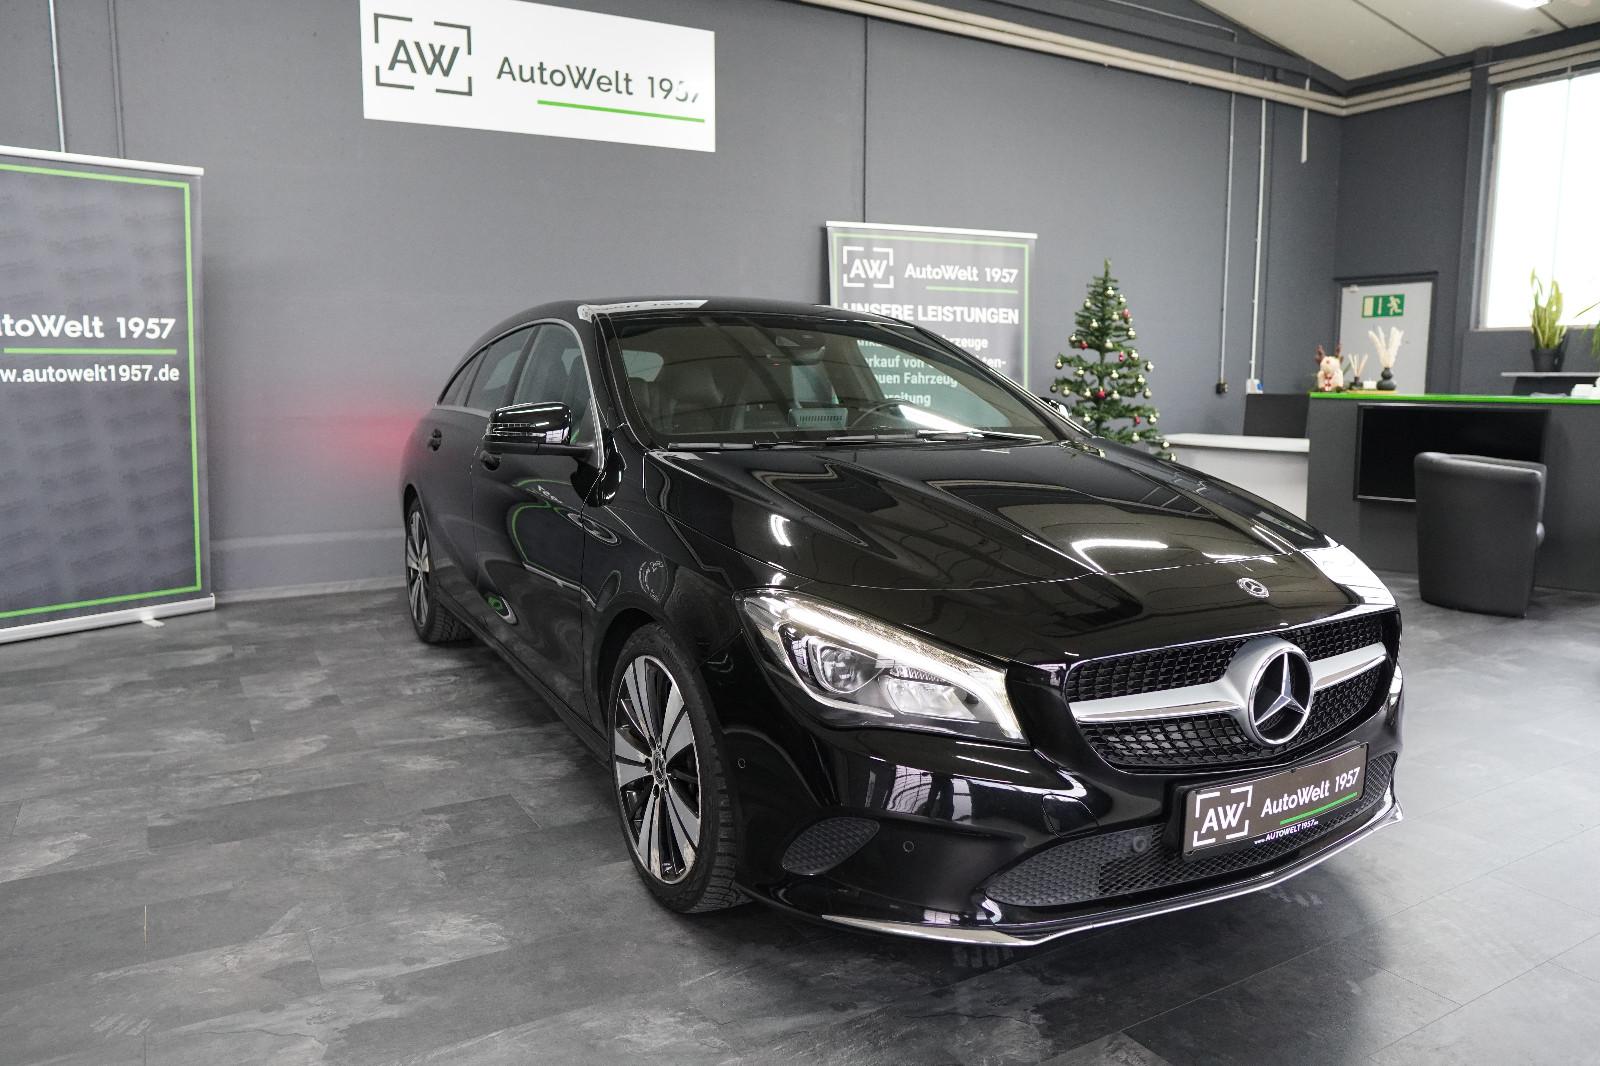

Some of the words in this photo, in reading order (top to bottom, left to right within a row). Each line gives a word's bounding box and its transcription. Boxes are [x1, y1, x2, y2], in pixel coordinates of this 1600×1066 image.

[388, 39, 460, 77] AW
[496, 56, 634, 96] AutoWelt
[849, 258, 888, 279] AW
[904, 263, 978, 282] AutoWelt
[984, 267, 1018, 283] 1957
[0, 313, 104, 339] toWelt
[117, 316, 176, 339] 1957
[917, 304, 1019, 325] LEISTUNGEN
[865, 355, 900, 368] rkauf
[903, 358, 924, 368] von
[875, 374, 900, 384] uen
[1260, 779, 1330, 818] AutoWelt
[1334, 766, 1361, 793] 1957
[1201, 801, 1245, 834] AW
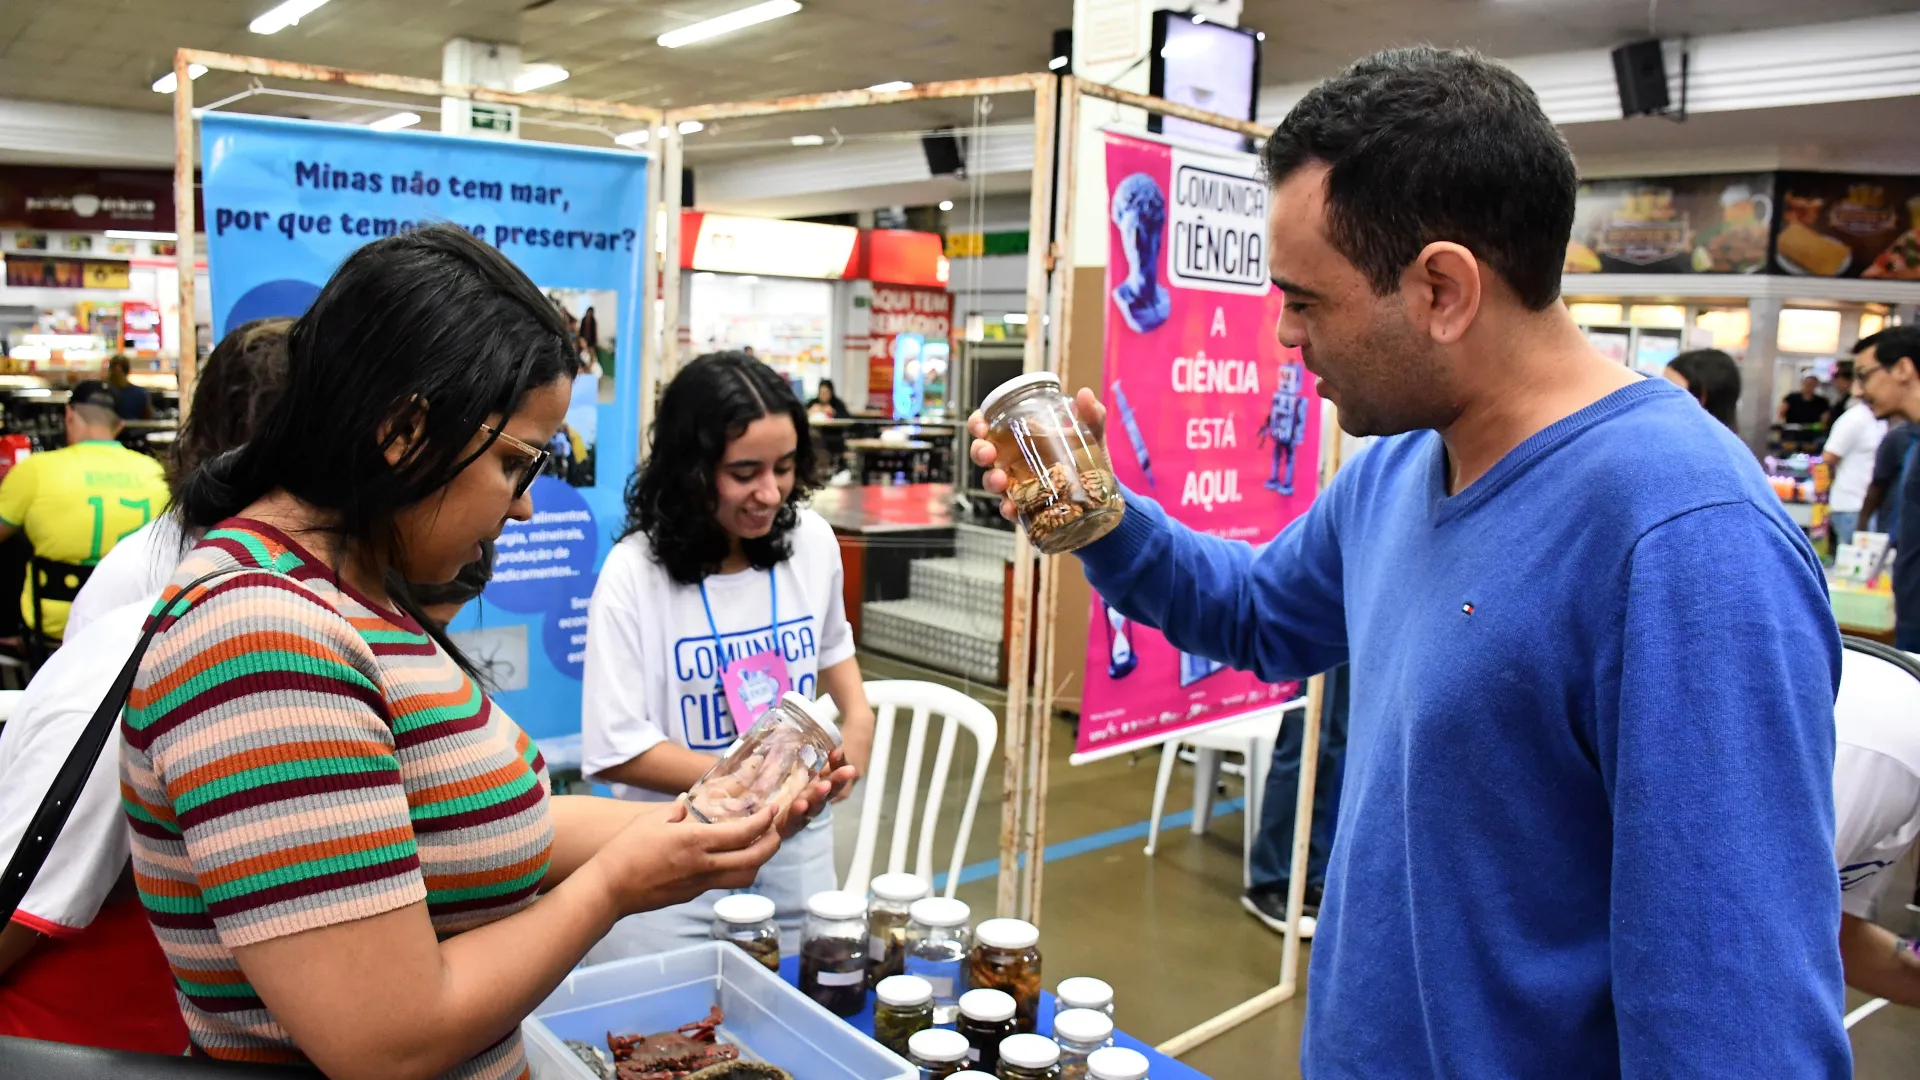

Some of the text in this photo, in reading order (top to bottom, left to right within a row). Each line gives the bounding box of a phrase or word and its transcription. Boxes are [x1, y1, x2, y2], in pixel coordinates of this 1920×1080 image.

[295, 160, 570, 213] Minas não tem mar,
[1177, 175, 1265, 218] COMUNICA
[215, 207, 270, 237] por
[278, 211, 332, 240] que
[494, 223, 637, 252] preservar?
[1175, 214, 1262, 278] CIÊNCIA
[1209, 306, 1227, 338] A
[1171, 349, 1260, 395] CIÊNCIA
[1185, 411, 1237, 450] ESTÁ
[1180, 468, 1243, 513] AQUI.
[553, 546, 570, 560] de
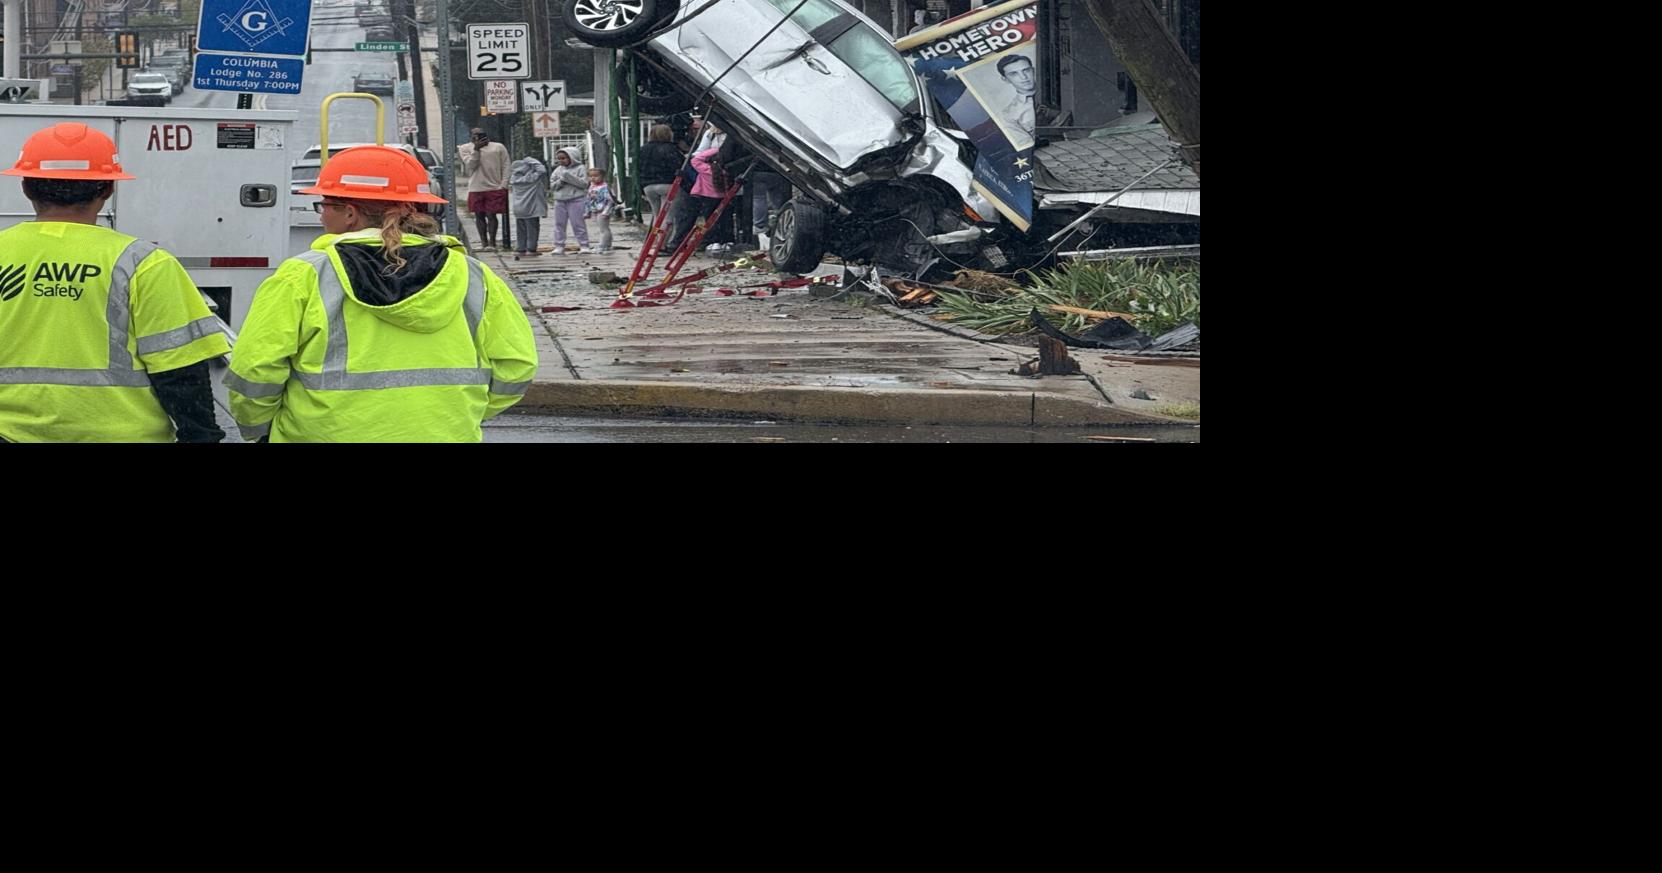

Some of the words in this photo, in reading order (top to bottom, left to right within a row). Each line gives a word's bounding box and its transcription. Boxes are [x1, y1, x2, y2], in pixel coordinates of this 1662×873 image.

[241, 11, 268, 32] G
[473, 29, 524, 38] SPEED
[919, 5, 1038, 61] HOMETOWN
[478, 40, 518, 49] LIMIT
[957, 29, 1023, 62] HERO
[222, 58, 278, 69] COLUMBIA
[476, 52, 522, 72] 25
[210, 68, 242, 78] Lodge
[246, 70, 264, 79] No.
[268, 71, 288, 80] 286
[197, 77, 210, 86] 1st
[215, 78, 260, 90] Thursday
[264, 81, 300, 91] 7:00PM
[493, 81, 507, 89] NO
[487, 88, 514, 96] PARKING
[147, 124, 193, 151] AED
[1014, 169, 1034, 183] 36T
[32, 262, 102, 283] AWP
[33, 283, 84, 301] Safety

__________________________________________________

Task details.
Output the material above exactly as written and drop any images it holds.

Solution.
Some of the words in this photo, in reading order (top to bottom, left to right within a row). Each line gives a word's bounding box and its transcription. Boxes are [x1, y1, x2, y2], in pixel coordinates of this 1600×1066 image.

[388, 39, 460, 77] AW
[496, 56, 634, 96] AutoWelt
[849, 258, 888, 279] AW
[904, 263, 978, 282] AutoWelt
[984, 267, 1018, 283] 1957
[0, 313, 104, 339] toWelt
[117, 316, 176, 339] 1957
[917, 304, 1019, 325] LEISTUNGEN
[865, 355, 900, 368] rkauf
[903, 358, 924, 368] von
[875, 374, 900, 384] uen
[1260, 779, 1330, 818] AutoWelt
[1334, 766, 1361, 793] 1957
[1201, 801, 1245, 834] AW

Some of the text in this photo, in reading order (top to bottom, left to right within a row). Each line gives the bounding box of a phrase or word and its transcription. Boxes are [x1, y1, x2, y2], in pixel coordinates of this 1920×1080 image.

[295, 160, 570, 213] Minas não tem mar,
[1177, 175, 1265, 218] COMUNICA
[215, 207, 270, 237] por
[278, 211, 332, 240] que
[494, 223, 637, 252] preservar?
[1175, 214, 1262, 278] CIÊNCIA
[1209, 306, 1227, 338] A
[1171, 349, 1260, 395] CIÊNCIA
[1185, 411, 1237, 450] ESTÁ
[1180, 468, 1243, 513] AQUI.
[553, 546, 570, 560] de

Some of the words in this photo, in reading order (top to bottom, left to right within a row). Each line gives a word's bounding box and its transcription. Boxes are [x1, y1, x2, y2], in pixel coordinates of this 1662×873 image.

[241, 11, 268, 32] G
[473, 29, 524, 38] SPEED
[919, 5, 1038, 61] HOMETOWN
[478, 40, 518, 49] LIMIT
[957, 29, 1023, 62] HERO
[222, 58, 278, 69] COLUMBIA
[476, 52, 522, 72] 25
[210, 68, 242, 78] Lodge
[246, 70, 264, 79] No.
[268, 71, 288, 80] 286
[197, 77, 210, 86] 1st
[215, 78, 260, 90] Thursday
[264, 81, 300, 91] 7:00PM
[493, 81, 507, 89] NO
[487, 88, 514, 96] PARKING
[147, 124, 193, 151] AED
[1014, 169, 1034, 183] 36T
[32, 262, 102, 283] AWP
[33, 283, 84, 301] Safety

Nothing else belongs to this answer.